Al entrar en la sala de espera me di cuenta que aquella no era una clínica cualquiera; no tenía revistas de coches y bebés. Sobre las paredes colgaban ojos humanos rodeados de diferentes texturas. Para el niño pequeño, teníamos de Spiderman. Para la choni, de leopardo. Para el rastafari, de hierba. A lo mejor no era ni oculista, sino que -como en las ferias- te pintaba el contorno del ojo de lo que desearas, te hacía la foto y hala un amigo más. Aunque si algo me llamo la atención de aquella siniestra salita fue el silencio imperante que reinaba. Y no era por no haber gente. Había tanta que hasta la señora mayor se había tenido que sentar en las piernas de su hija. Cerré los ojos asiáticamente para fijarme en el rostro de aquella joven. Efectivamente, era la fulana de anoche. «¿Dónde me había metido?» me pregunté. Me dispuse a salir huyendo de allí cuando aquella inmensa verruga me lo impidió. «¿Dónde se cree que va usted?» me interceptó mientras veía cómo se movía a cámara lenta, y ella también. «Venga, pasen todos a la Sala Ramiro su Amigo». Nos dirigíamos en fila y -para no perder ya la costumbre- en silencio. Una vez allí, nos obligaron a relajarnos sobre unos acolchados sillones. Pero nada, ni rastro del famoso Ramiro. De repente, un hombre -tal vez Ramiro, tal vez no- llevaría a cabo su entrada, digna de un líder de la Corea esa de por allí arriba. «Empiecen» ordenó como si acabara de decir: ¡Lancen estos misiles dirección la Corea esa de por allí abajo! A continuación, unos brazos robóticos comenzaron a abrirnos los ojos. Hasta tal punto que noté cómo las pestañas de abajo se confundían con los pelos de la barba; y el párpado superior se adentraba en ese cabo humano llamado entrada. Dos gotas con complejo de Usain Bolt cayeron en cada ojo. «¡Y listo!» dijo Kim Jong-un. Digo... Ramiro, eso Ramiro.

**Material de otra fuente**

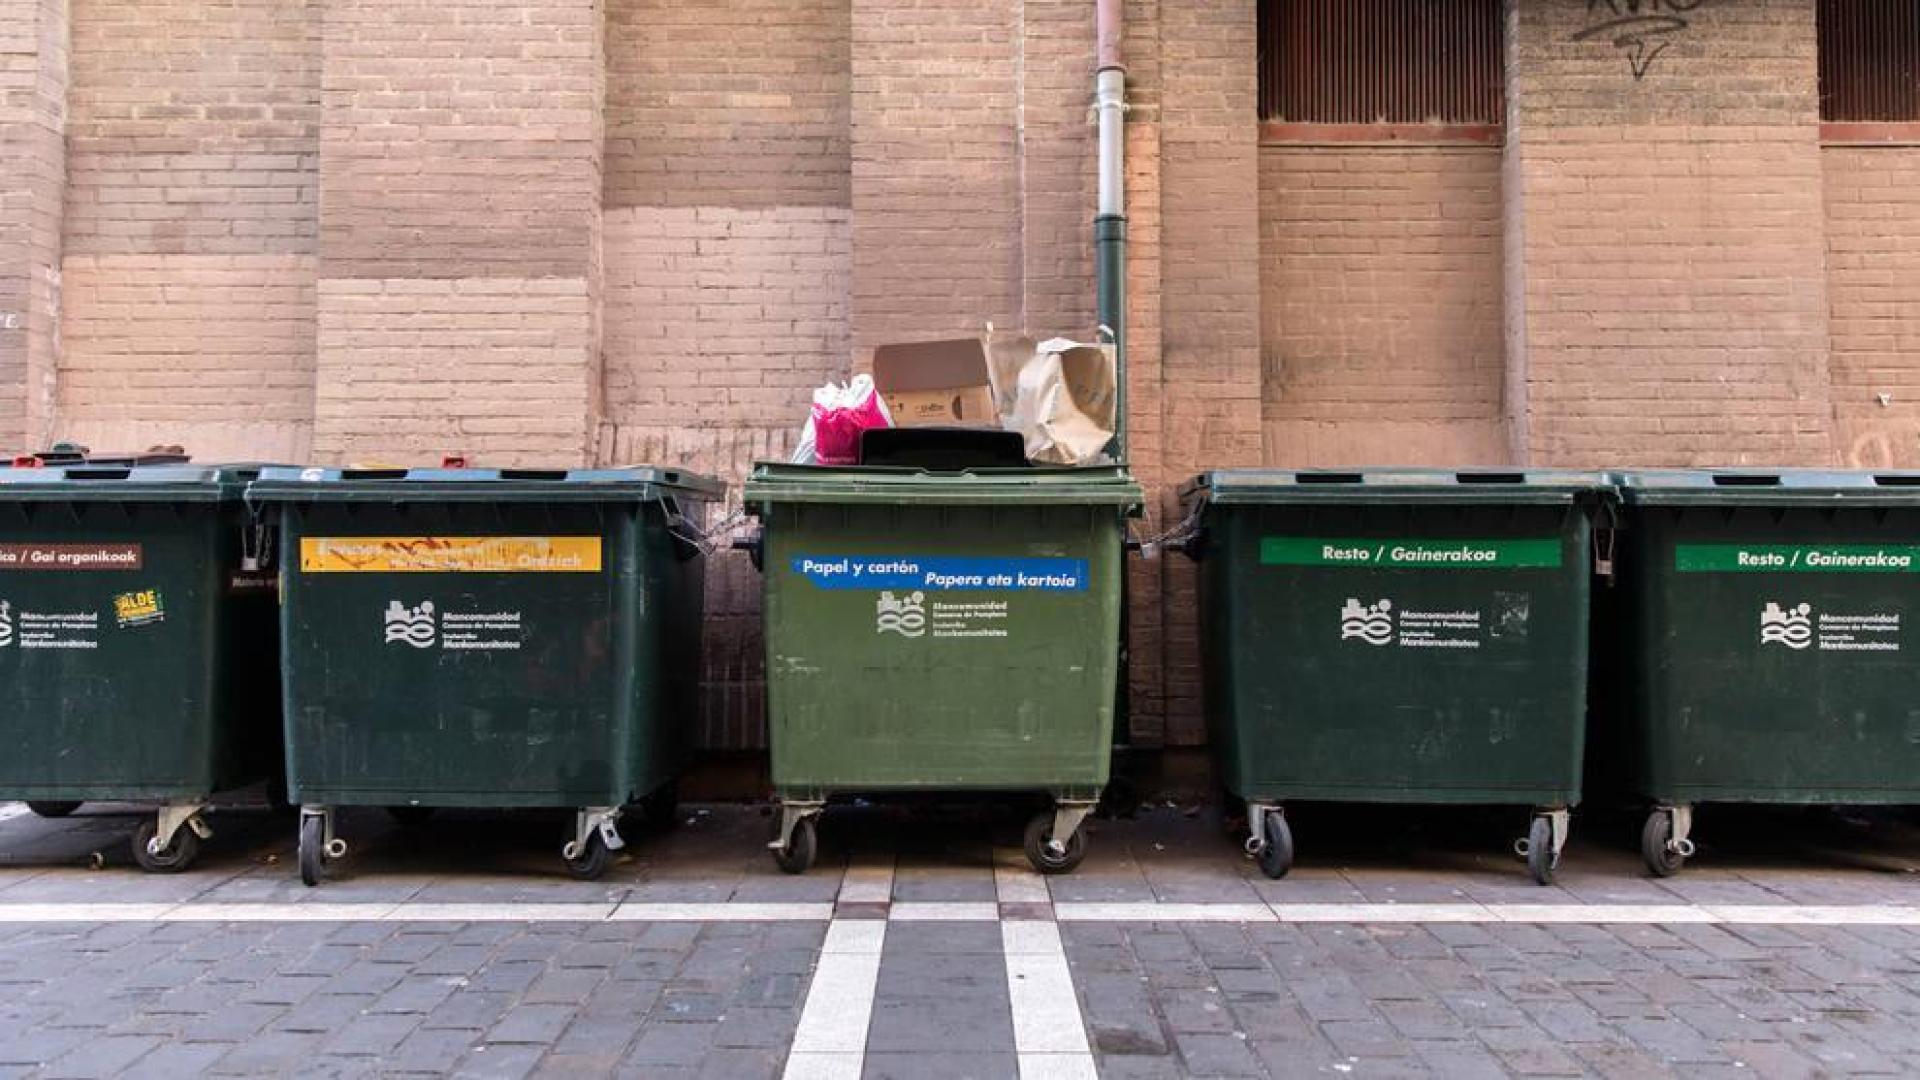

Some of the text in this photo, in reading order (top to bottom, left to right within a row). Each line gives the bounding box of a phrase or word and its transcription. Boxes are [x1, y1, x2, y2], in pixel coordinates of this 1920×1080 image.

Ya de vuelta en aquella galería de ojos, se comenzaron a oír gritos desgarrados, como si procedieran de un humano falto de algo. Y así era: no veíamos nada. O lo que era peor: no podíamos ver el móvil. Obviamente esto no es un relato de ciencia ficción, sino basado en hechos reales. Los pacientes empezaron a subirse -literalmente- por las paredes. «¿Cómo voy ahora a elegir el filtro perfecto de Instagram para subir mis fotos de comida sana que nunca como?» preguntó el más joven de la sala. Le cortó su propia madre diciendo: «Y yo hijito mío, ¿cómo voy a compartir ese enlace de Facebook que no interesa a nadie?» «Absurdeces dicen ustedes, lo mío es más preocupante. Necesito escribir mi tweet diario; que es a lo que me llega el cerebro: a juntar ciento cuarenta caracteres.» interrumpió un joven mientras estrellaba sus gafas de pasta contra el cristal de uno de esos lindos cuadritos de ojos. Para alterar la normalidad allí estaban ellas. Ahora la hija golpeaba la espalda de la madre suavemente, como esperando un eructito de esta. «¡Nooo! ¡No voy a poder ver las películas» gritó el perturbado. Mejor no digo el género que acompañaba a la palabra «películas», no vaya a ser que algún adulto se asuste. Todo esto, mientras modificaba su postura increpando a unos de esos lindos cuadritos, como si estuviera imitando a uno de sus actores preferidos. Para mi fortuna, apareció aquella verruga y dijo: «Pedro, pase.»

No me había dirigido a ninguna sala, por lo que hice lo que cualquier humano: antes que preguntar, me equivoco. Y allí que fui a la Sala Ramiro su Amigo. Justo cuando abrí una mano anónima se poso sobre la mía y cerró de inmediato la puerta. Aunque esto no impidió que me salpicara sangre, sobre el brazo, procedente de aquella sala. «Tiene que ducharse más a menudo» me dijo aquel hombre -que me sonaba de algo- a la vez que me limpiaba la prueba de que aquello no era un clínica. «Hay que ver qué maleducado soy. Soy Ramiro su amigo, acompáñeme.»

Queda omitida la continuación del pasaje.